Marketing Health-Related Services: We will not use your health information or photographs for marketing communications without your written or documented verbal authorization.

Required By Law: We may disclose your health information when we are required to do so by law.

Abuse or Neglect: We may disclose your health information to appropriate authorities if we reasonably believe that you are a possible victim of abuse, neglect, or domestic violence or the possible victim of other crimes. We may disclose your health information to the extent necessary to avert a serious threat to your health or safety or the health or safety of others.

National Security: We may disclose to military authorities the health information of Armed Forces personnel under certain circumstances. We may disclose to authorized federal officials health information required for lawful intelligence, counterintelligence, and other national security activities. We may disclose to correctional institution or law enforcement official having lawful custody of protected health information of an inmate under certain circumstances.

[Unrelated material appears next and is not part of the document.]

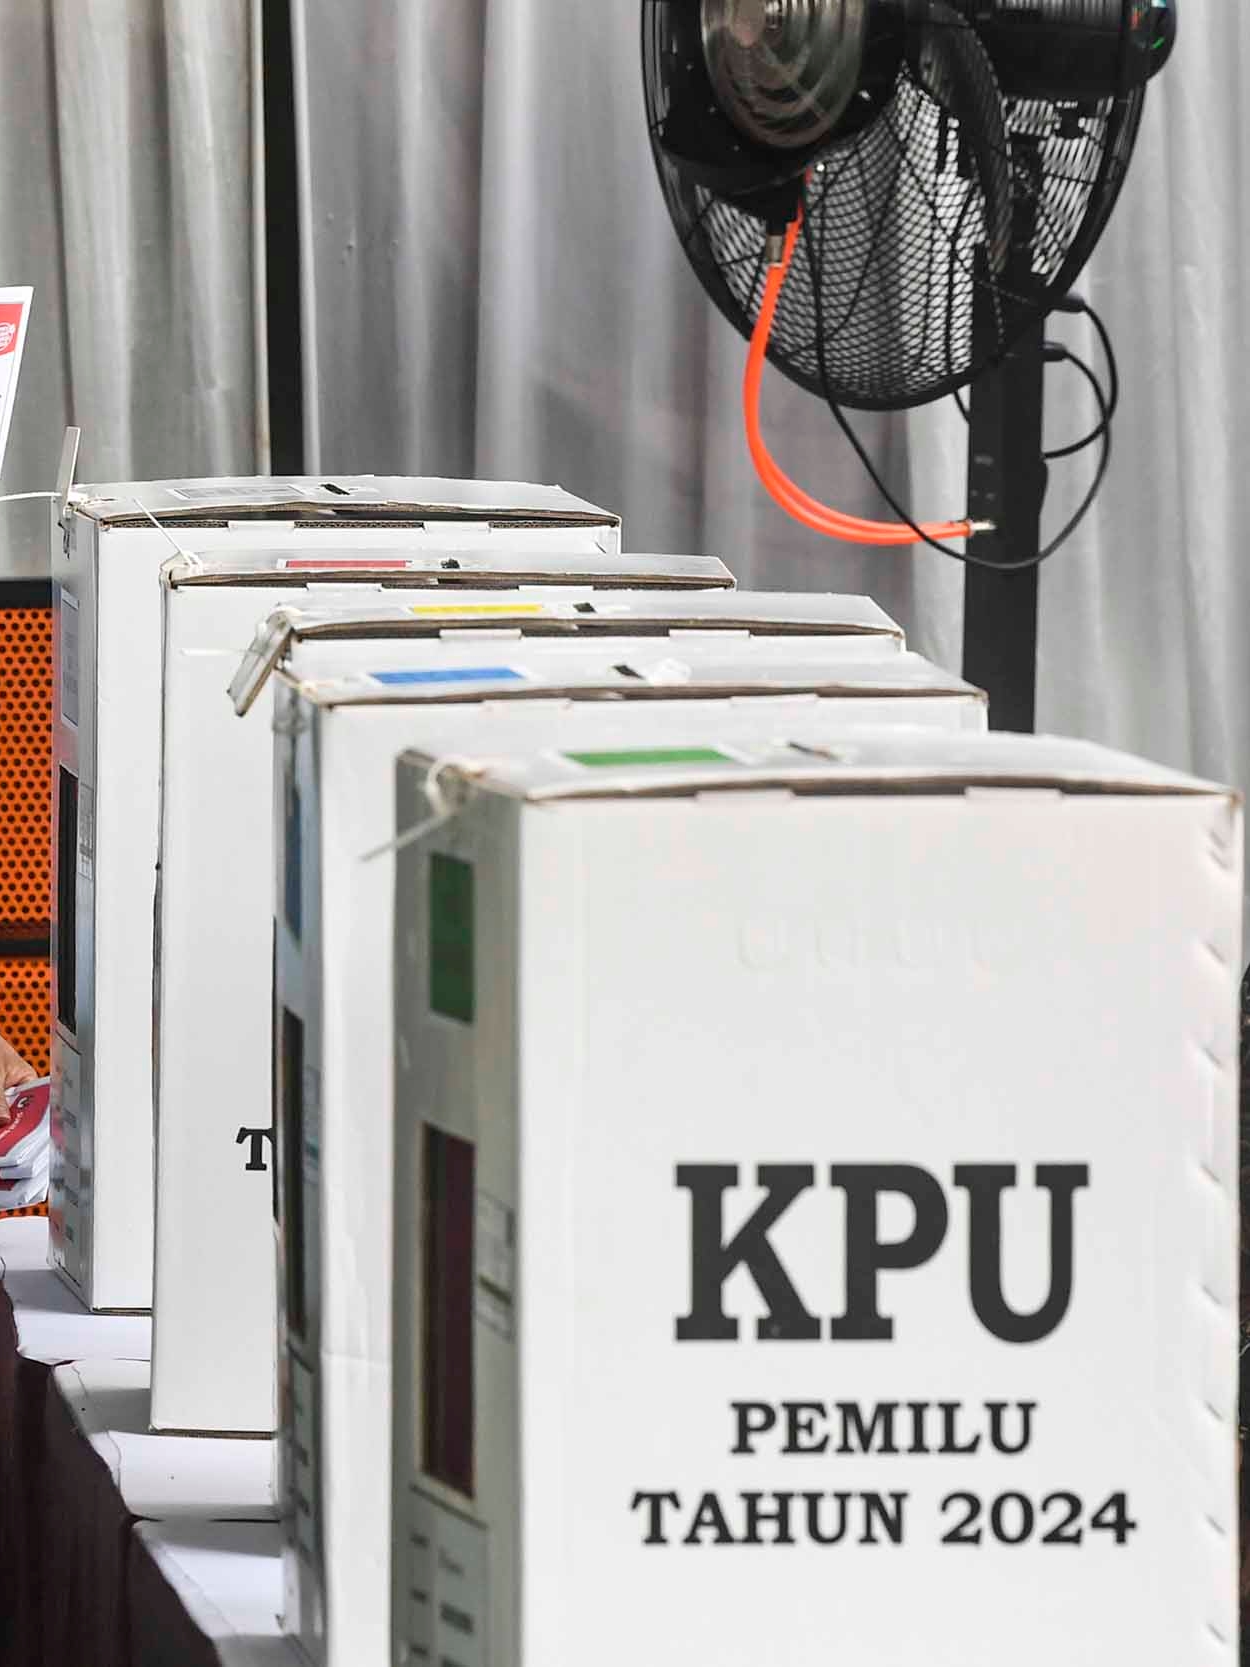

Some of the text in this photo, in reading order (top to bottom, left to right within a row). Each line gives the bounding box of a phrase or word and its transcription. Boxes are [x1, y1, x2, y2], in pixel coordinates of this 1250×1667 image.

Appointment Reminders: We may use or disclose your health information to provide you with appointment reminders (such as voicemail messages, postcards, or letters).

Pay Out Of Pocket Provision (2013): If a patient pays for services out of pocket, they may request that no information or documentation be sent to their insurer.

PATIENT RIGHTS

Access: You have the right to look at or get copies of your health information, with limited exceptions. You must make a request in writing to obtain access to your health information using our office's medical release form. The fee for duplicating records may be a minimum of $5 and could increase depending on what is being requested. You may also request access by sending us a letter to our office address with your signature.

Disclosure Accounting: You have the right to receive a list of instances in which we or our business associates disclosed your health information for purposes, other than treatment, payment, healthcare operations, and certain other activities for the last 5 years. If you request this accounting more than once in a 12-month period, we may charge you a reasonable cost-based fee for responding to these additional requests.

Restriction: You have the right to request that we place additional restrictions on our use or disclosure of your health information. We are not required to agree to these additional restrictions, but if we do, we will abide by our agreement (except in an emergency).

Alternative Communication: You have the right to request that we communicate with you about your health information by alternative means or to alternative locations. You must make your request in writing. Your request must specify the alternative means or location, and provide satisfactory explanation how payments will be handled under the alternative means or location you request.

Amendment: You have the right to request that we amend your health information. Your request must be in writing, and it must explain why the information should be amended. We may deny your request under certain circumstances.

Electronic Notice: If you receive this Notice on a Web site or by electronic mail (e-mail), you are entitled to receive this Notice in written form.

Security Breaches: We will notify you if we feel your protected health information has been obtained or viewed by an unauthorized party or if there has been a breech in PHI-related security.

Electronic Communication: We may use email to communicate with both you and other providers and healthcare staff. We will encrypt any PHI sent through email.

QUESTIONS AND COMPLAINTS

If you want more information about our privacy practices or have questions or concerns, please contact us.

If you are concerned that we may have violated your privacy rights, or you disagree with a decision we made about access to your health information or in response to a request you made to amend or restrict the use or disclosure of your health information or to have us communicate with you by alternative means or at alternative locations, you may complain to us using the contact information listed at the end of this Notice. You also may submit a written complaint to the U.S. Department of Health and Human Services. We will provide you with the address to file your complaint with the U.S. Department of Health and Human Services upon request.

We support your right to the privacy of your health information. We will not retaliate in any way if you choose to file a complaint with us or with the U.S. Department of Health and Human Services.